- [TASK GOAL]
Each line from the one that includes "this 1920×1258 image." to the last line of the data below should be set down exactly; no other lines are wanted.

====== ENTRIES SHOWN

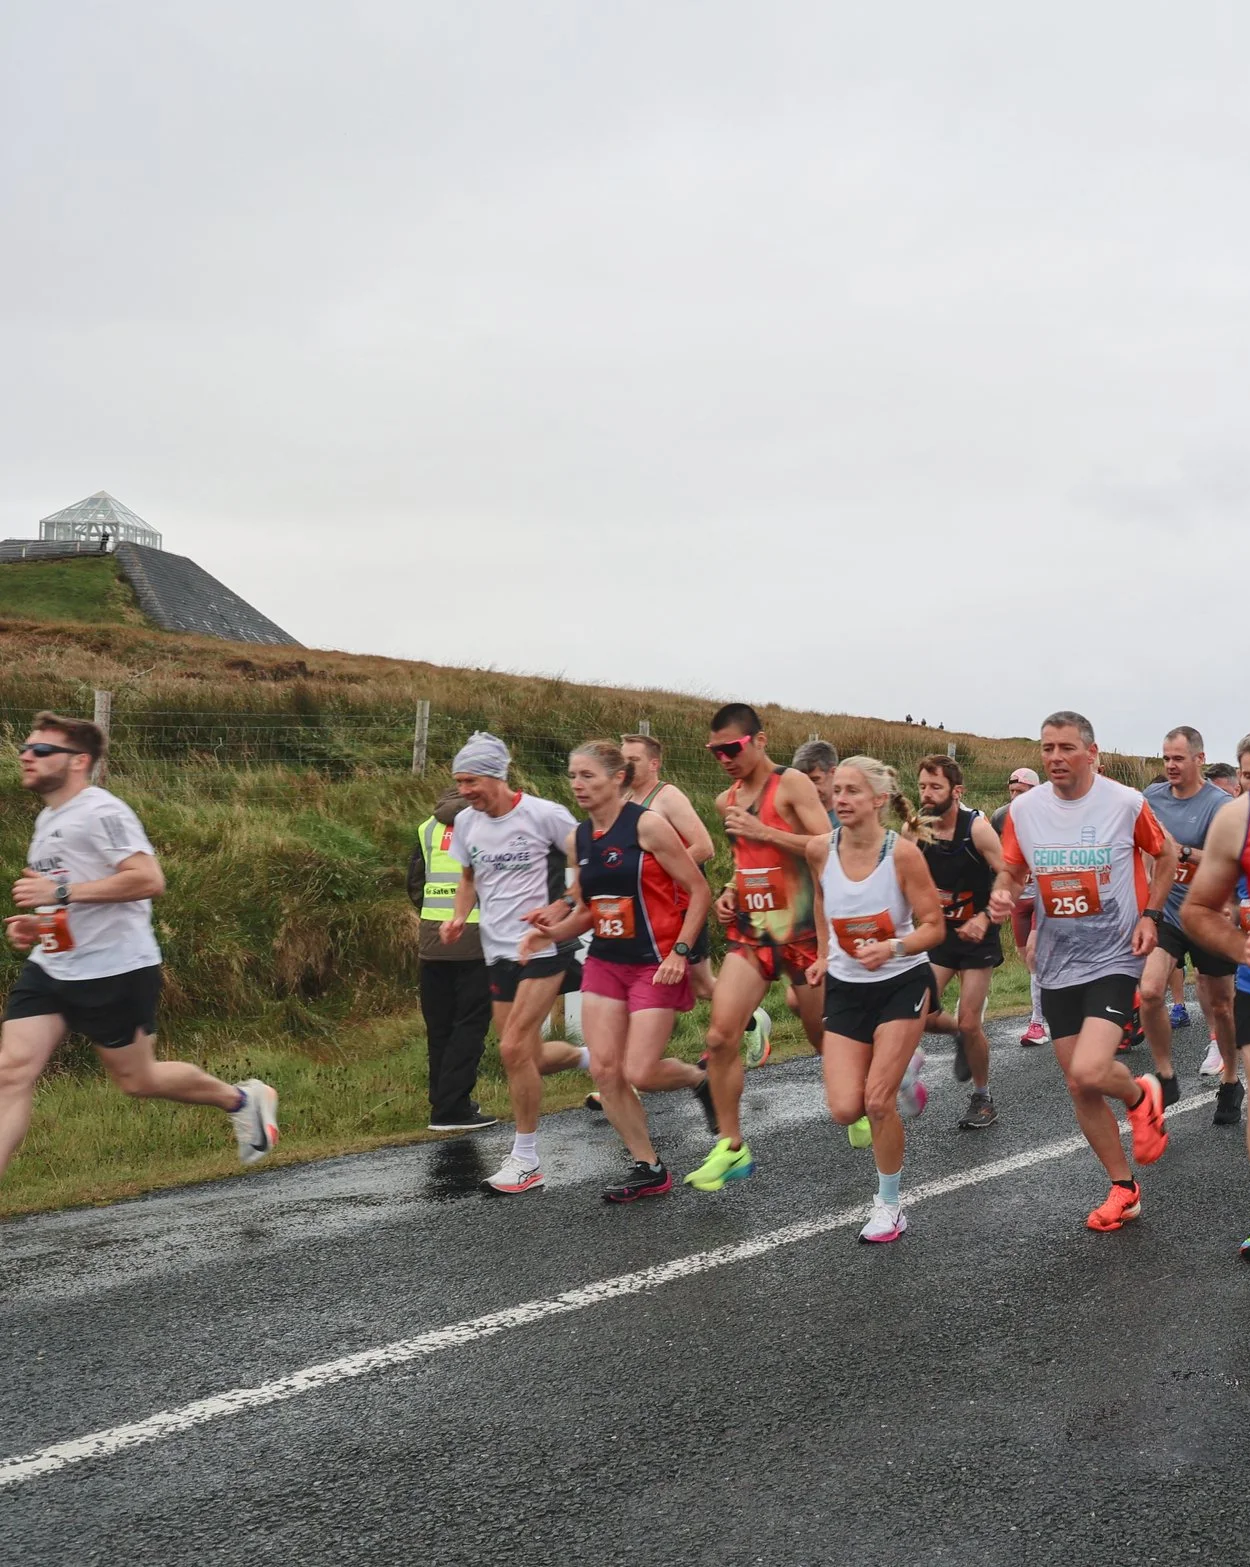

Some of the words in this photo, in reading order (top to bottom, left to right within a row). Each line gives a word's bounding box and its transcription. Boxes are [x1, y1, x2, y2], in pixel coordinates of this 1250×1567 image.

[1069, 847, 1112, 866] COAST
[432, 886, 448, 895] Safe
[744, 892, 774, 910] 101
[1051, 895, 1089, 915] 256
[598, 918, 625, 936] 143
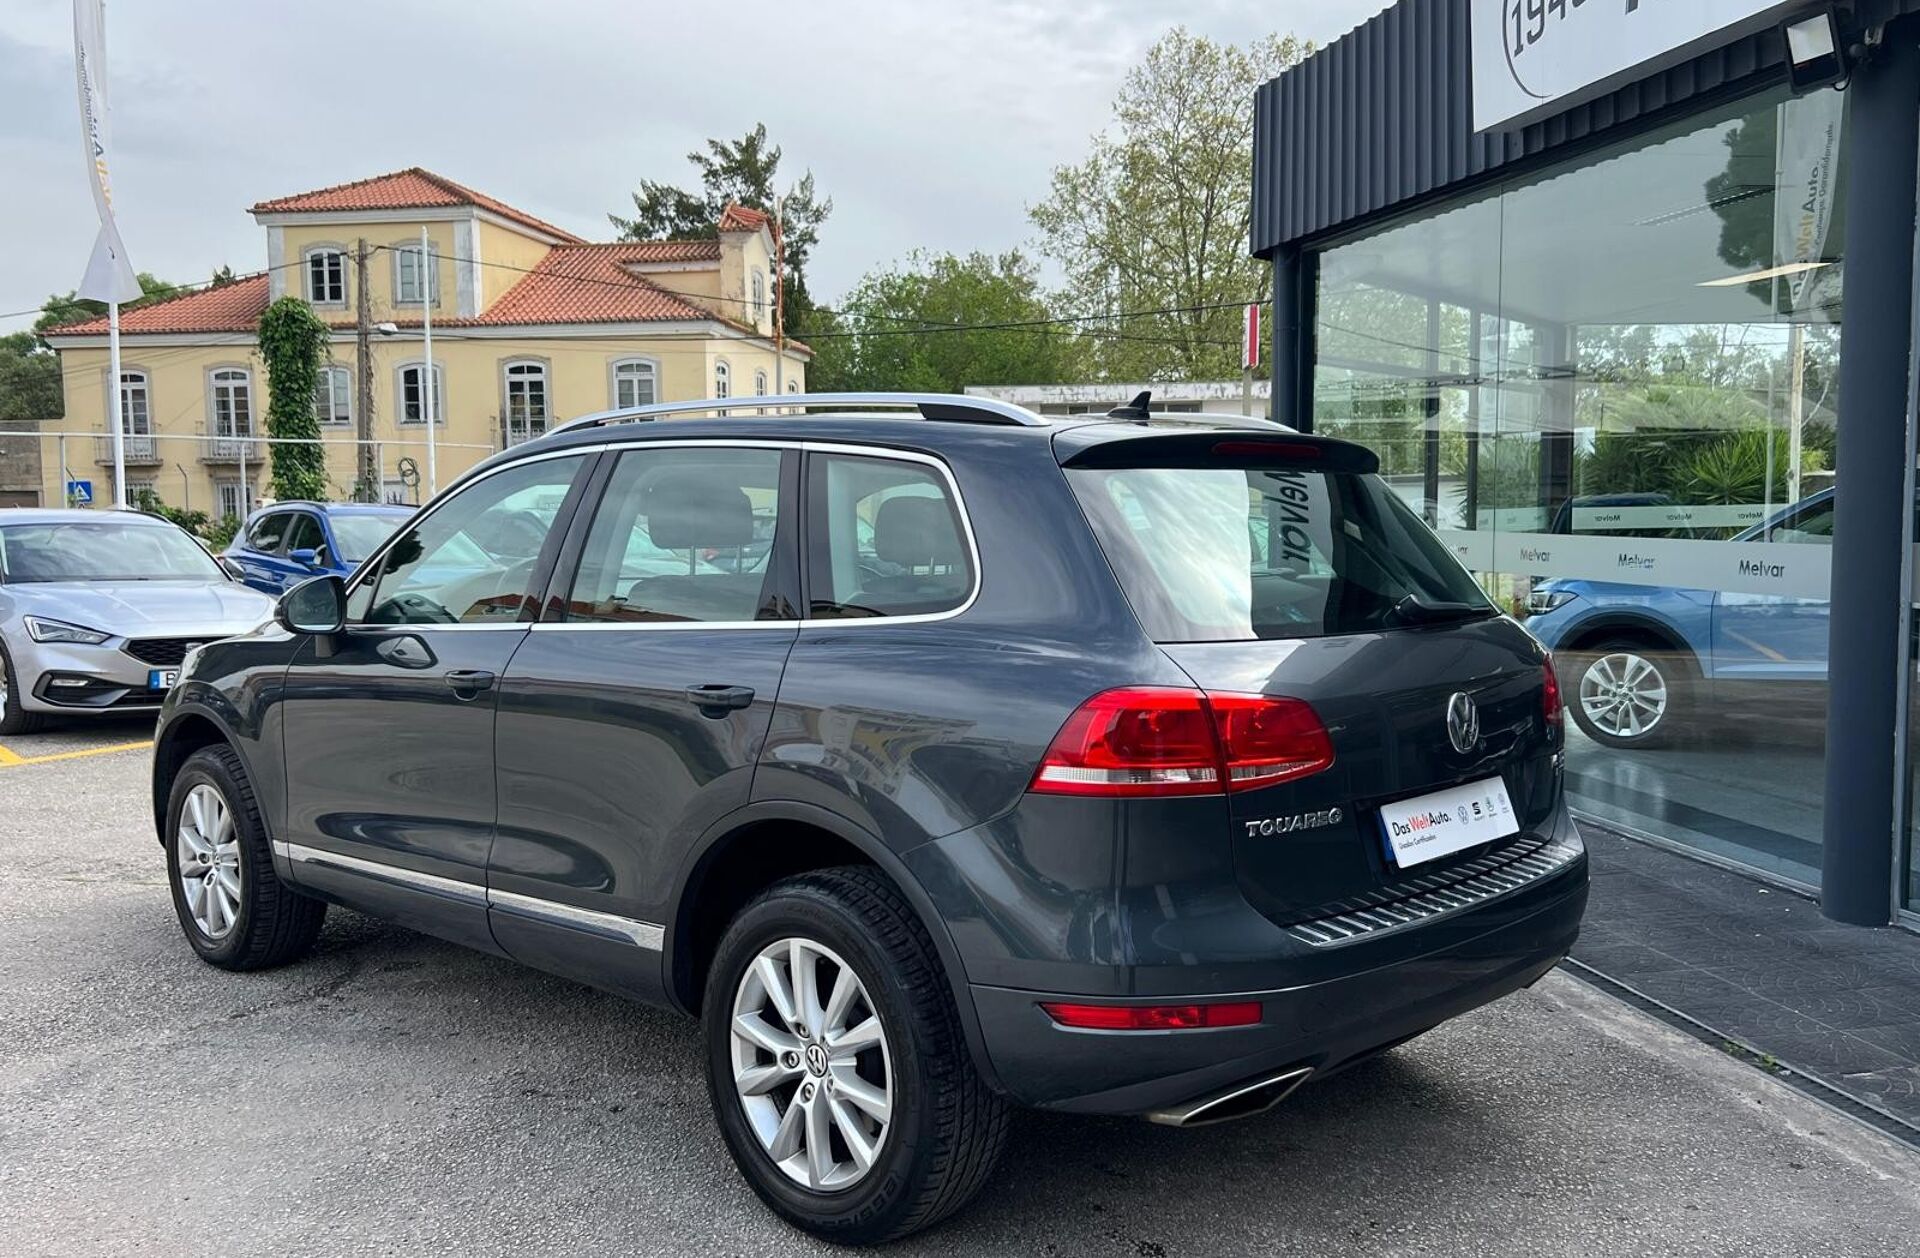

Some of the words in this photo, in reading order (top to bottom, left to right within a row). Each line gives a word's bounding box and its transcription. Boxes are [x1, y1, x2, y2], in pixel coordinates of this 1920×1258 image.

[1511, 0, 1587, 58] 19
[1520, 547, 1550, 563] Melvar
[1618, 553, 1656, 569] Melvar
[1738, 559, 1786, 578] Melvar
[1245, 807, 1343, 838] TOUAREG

============

- [RESPONSE]
Some of the words in this photo, in reading order (top to bottom, left to right within a row). Each line gives a word's bounding box and its transcription. Boxes are [x1, y1, x2, y2], in pixel coordinates of this 1920×1258 image.

[1511, 0, 1587, 58] 19
[1520, 547, 1550, 563] Melvar
[1618, 553, 1656, 569] Melvar
[1738, 559, 1786, 578] Melvar
[1245, 807, 1343, 838] TOUAREG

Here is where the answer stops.